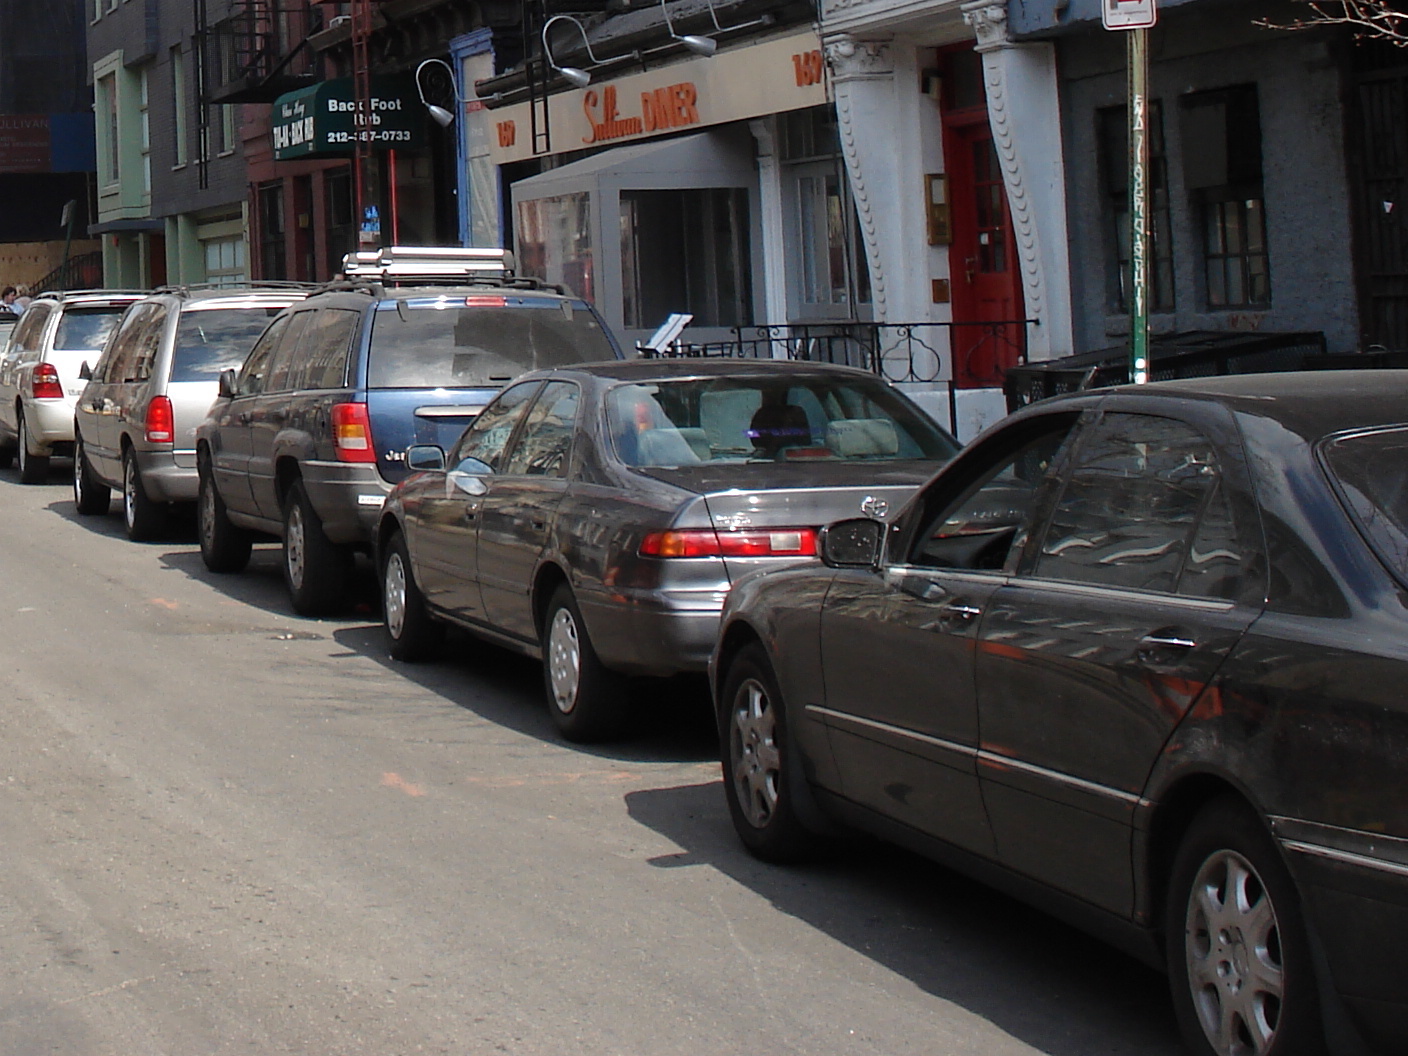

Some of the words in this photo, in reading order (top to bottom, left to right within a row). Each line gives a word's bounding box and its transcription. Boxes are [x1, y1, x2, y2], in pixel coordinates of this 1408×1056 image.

[792, 50, 822, 87] 169
[371, 97, 402, 111] Foot
[641, 81, 700, 132] DINER
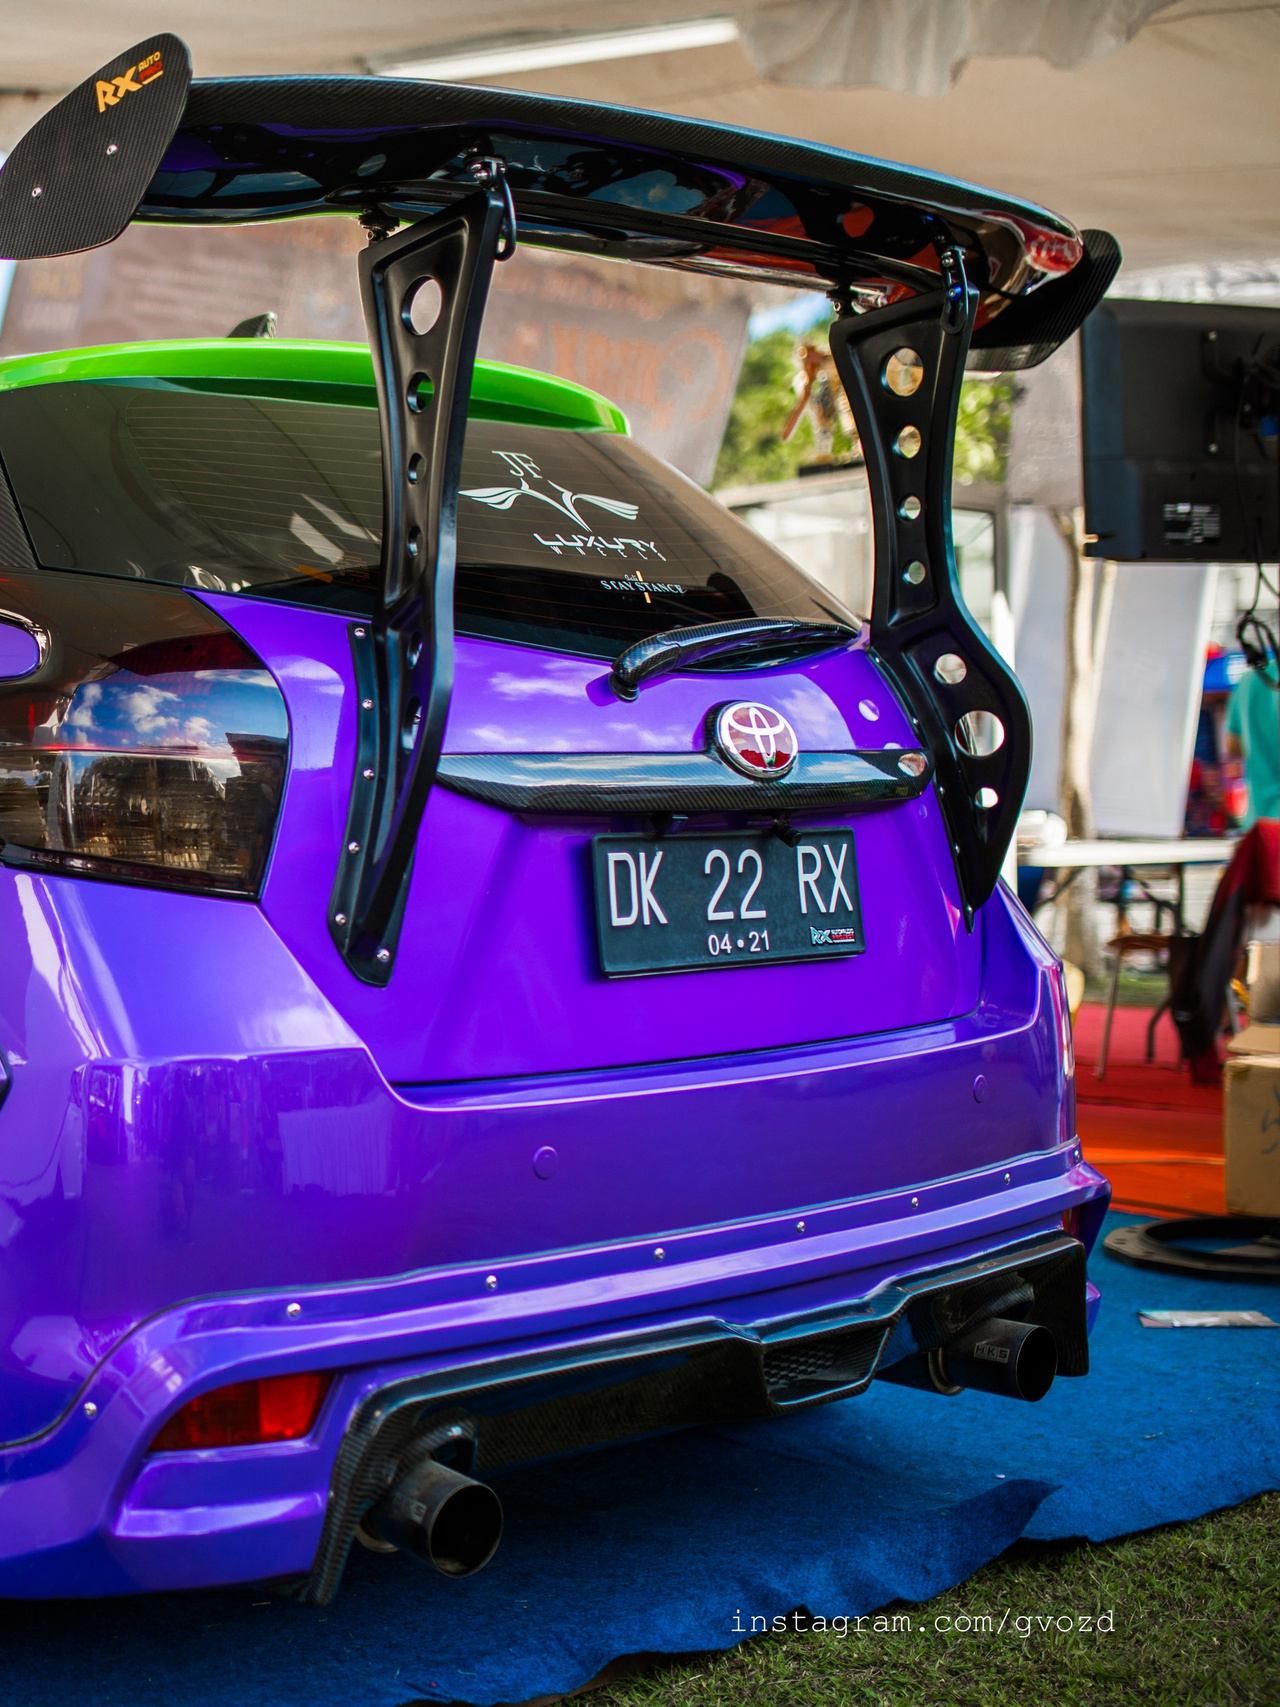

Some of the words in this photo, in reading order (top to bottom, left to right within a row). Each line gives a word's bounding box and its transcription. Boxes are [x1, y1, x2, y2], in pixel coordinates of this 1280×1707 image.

[138, 51, 161, 73] AUTO
[95, 65, 143, 114] RX
[533, 532, 658, 554] LUXURY
[600, 579, 636, 591] STAY
[634, 581, 687, 595] STANCE
[607, 850, 668, 926] DK
[704, 848, 767, 921] 22
[796, 842, 854, 914] RX
[974, 1343, 1010, 1364] HKS

PROMPT
Although the records contain pictures, print only the rest, exactly as written.

ANSWER BOX
Some of the words in this photo, in reading order (top to bottom, left to right within a row). Each line gives a word's bounding box and its transcription. Boxes are [x1, y1, x2, y2], in pixel coordinates of this 1408×1056 image.

[792, 50, 822, 87] 169
[371, 97, 402, 111] Foot
[641, 81, 700, 132] DINER

Some of the words in this photo, in reading order (top to bottom, left to right within a row). Each line gives a word's bounding box and its transcription. Boxes are [x1, y1, x2, y2], in pixel coordinates of this 1280×1707 image.

[138, 51, 161, 73] AUTO
[95, 65, 143, 114] RX
[533, 532, 658, 554] LUXURY
[600, 579, 636, 591] STAY
[634, 581, 687, 595] STANCE
[607, 850, 668, 926] DK
[704, 848, 767, 921] 22
[796, 842, 854, 914] RX
[974, 1343, 1010, 1364] HKS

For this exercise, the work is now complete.